Final answer:
To calculate a 95% confidence interval for a known population standard deviation, use the population standard deviation (σ), the sample mean (x), and the Z-score for 95% confidence, which is typically 1.96. The assumption of normality is not strictly necessary for large samples due to the Central Limit Theorem, but it is important for smaller or skewed distributions.
Step-by-step explanation:
To compute a 95% confidence interval for a population mean when the population standard deviation (σ) is known, we use the following formula:
CI = (x ± (Z*σ/√n))
where:
- x is the sample mean.
- Z is the Z-score associated with the desired confidence level.
- σ is the population standard deviation.
- n is the sample size.
For a 95% confidence level, the Z-score is typically 1.96. Substituting values for each situation gives us:
- n=75, x=25, σ=30: CI = (20.28, 29.72)
- n=250, x=116, σ=30: CI = (112.43, 119.57)

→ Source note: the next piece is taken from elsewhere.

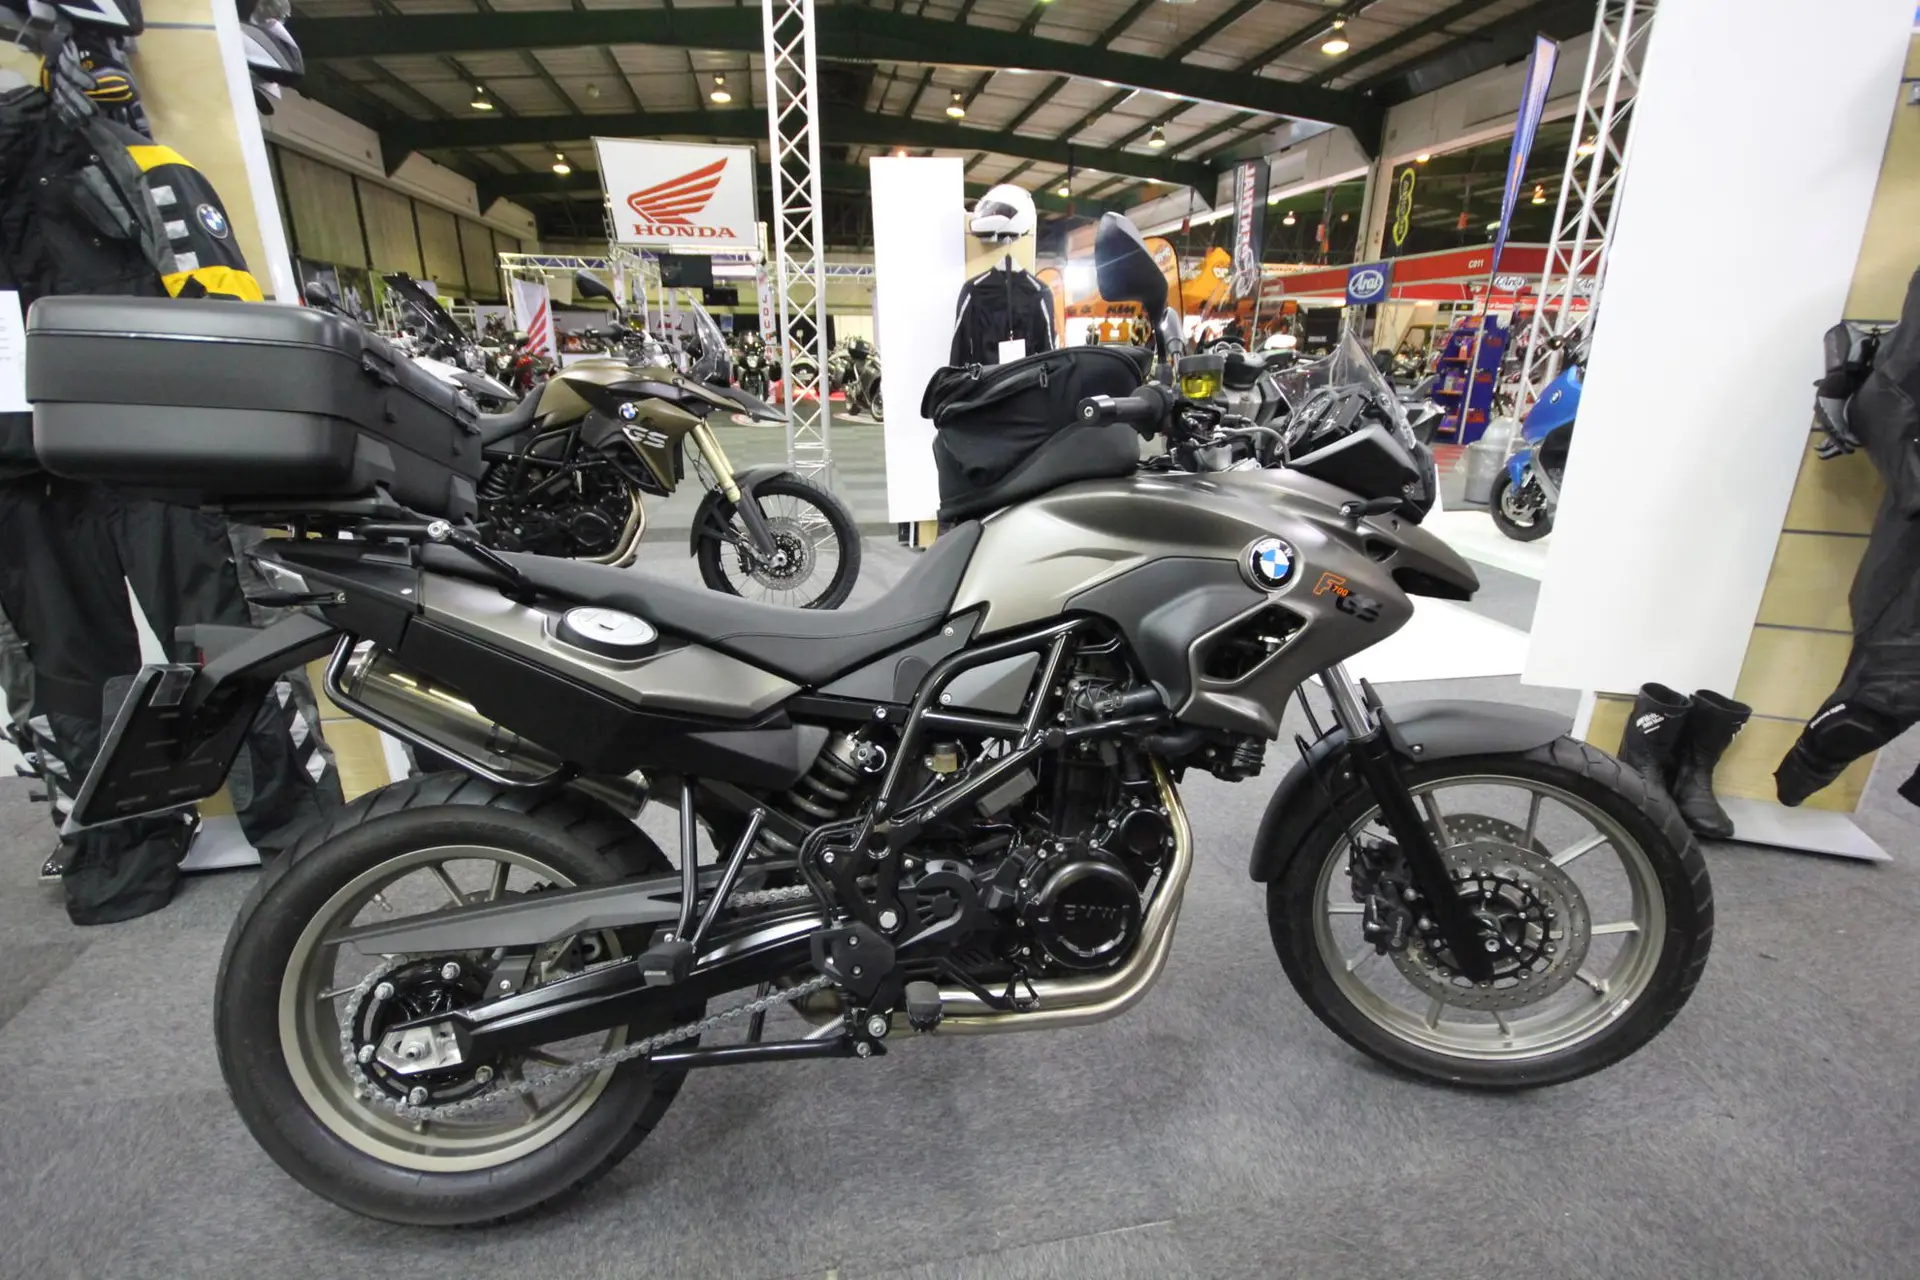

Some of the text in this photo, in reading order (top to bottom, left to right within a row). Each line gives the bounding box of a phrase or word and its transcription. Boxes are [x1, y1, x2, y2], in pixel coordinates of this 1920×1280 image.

- n=90, x=16, σ=30: CI = (12.53, 19.47)
- n=90, x=5.21, σ=30: CI = (3.69, 6.73)
The assumption that the underlying population is normally distributed is not strictly necessary when the sample size is large (typically n ≥ 30) due to the Central Limit Theorem, which states that the distribution of the sample means will be approximately normal, regardless of the population's distribution. However, for small sample sizes or skewed distributions, this assumption is important to ensure the validity of the confidence intervals.